Tempo di lettura: 2 minuti

La vittoria esterna contro Angri ha segnato un punto di svolta per la Scandone Avellino, restituendo entusiasmo a un ambiente che attendeva risposte concrete dopo la sosta. Coach Ciro Dell’Imperio non nasconde la soddisfazione per un successo che definisce un’iniezione di fiducia importante, arrivato al termine di una gara intensa e ricca di spunti emotivi.

Il tecnico sottolinea come la squadra sia stata capace di superare le insidie fisiche dovute al lungo periodo lontano dalle gare ufficiali: “Sapevamo che sarebbe stata una partita difficile sotto il punto di vista del ritmo partita che avevamo perso”. Nonostante qualche passaggio a vuoto, Dell’Imperio elogia la tenuta mentale dei suoi: “La cosa che alla fine mi è piaciuta è che anche nei momenti più difficili non è mancata la voglia di provare insieme a trovare delle soluzioni offensive“. La chiave del match, secondo l’analisi del coach, è stata la capacità di “cambiare l’inerzia e portarla dalla nostra” nell’ultimo periodo grazie a un’intensità difensiva finalmente ritrovata.

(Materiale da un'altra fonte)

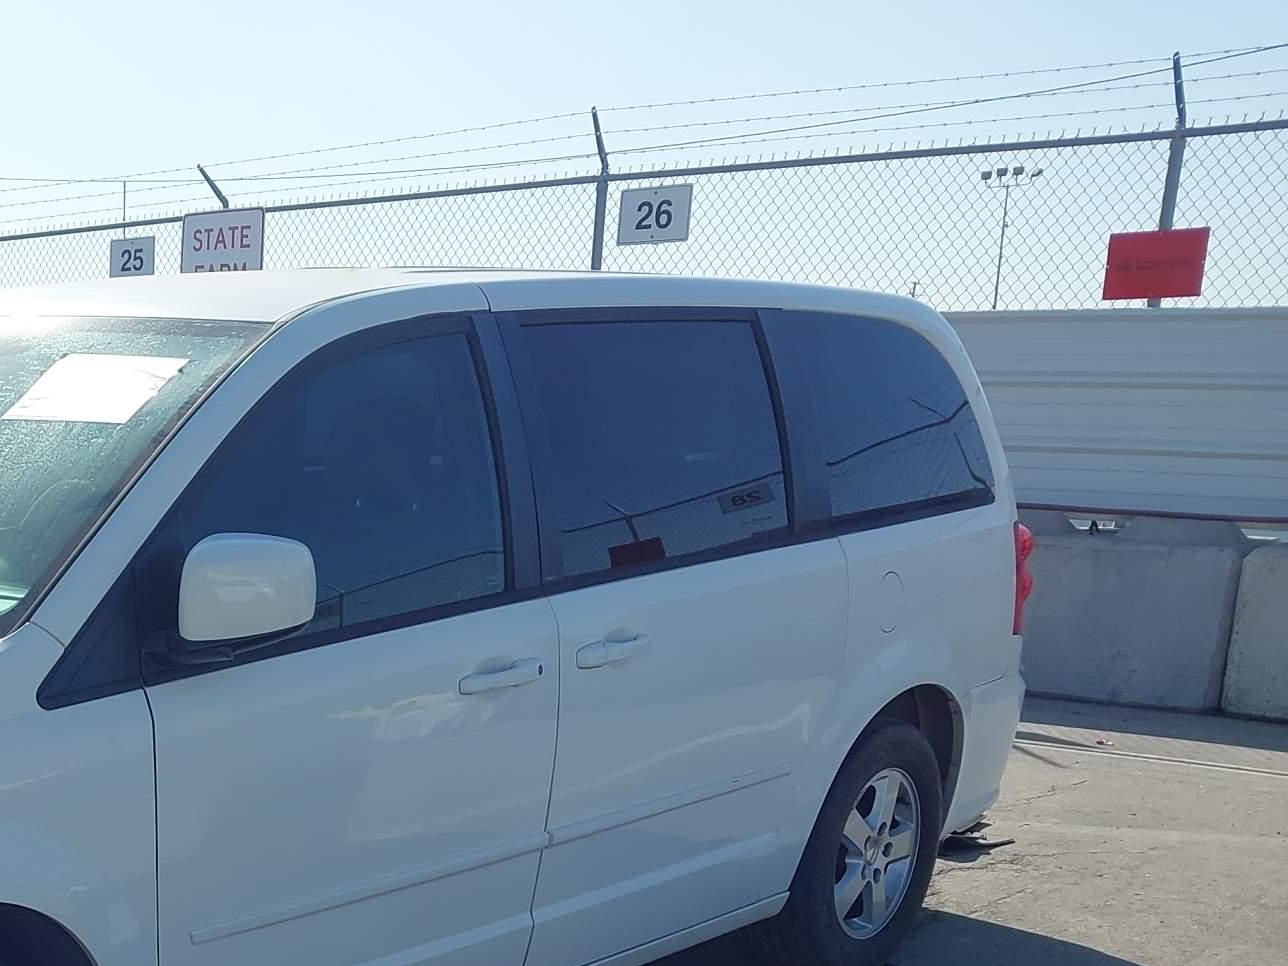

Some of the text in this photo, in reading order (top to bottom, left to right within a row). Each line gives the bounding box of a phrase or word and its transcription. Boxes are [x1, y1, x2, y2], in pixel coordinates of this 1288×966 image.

[635, 199, 673, 230] 26
[192, 225, 252, 252] STATE
[120, 248, 144, 272] 25

Un capitolo a parte meritano i nuovi innesti, che sembrano aver già trovato il giusto feeling con il resto del gruppo. “Si sta creando quell’amalgama importante che serve indubbiamente per vincere le partite”, spiega Dell’Imperio.

Le lodi vanno a Flavio Gay e Fabio Stefanini, ma una menzione speciale è riservata ad Andrea Donda: “Con lui abbiamo preso un altro lungo che può essere indubbiamente una presenza importante all’interno del pitturato… ci dà questa profondità offensiva che è indubbiamente una cosa importante”. L’obiettivo è chiaro: sfruttare queste nuove risorse per esaltare il sistema di squadra nei momenti topici delle gare.

Il calendario mette ora di fronte ai lupi la sfida interna contro Sennori, un’avversaria da non prendere sottogamba nonostante il posizionamento in graduatoria. “Non va indubbiamente sottovalutato nessuno, questa è una forma mentis che noi dobbiamo avere”, avverte il coach. Sennori arriva al Del Mauro con il nuovo acquisto Sanna e la pericolosità di Hubalek, elemento capace di colpire “sia nel pitturato che dall’arco dei tre punti”.

Dell’Imperio conclude con un monito per i suoi: “Dobbiamo farci trovare pronti e dare continuità a quello che di buono abbiamo fatto contro Angri”. La Scandone cerca la conferma definitiva; la parola, come sempre, passa al campo.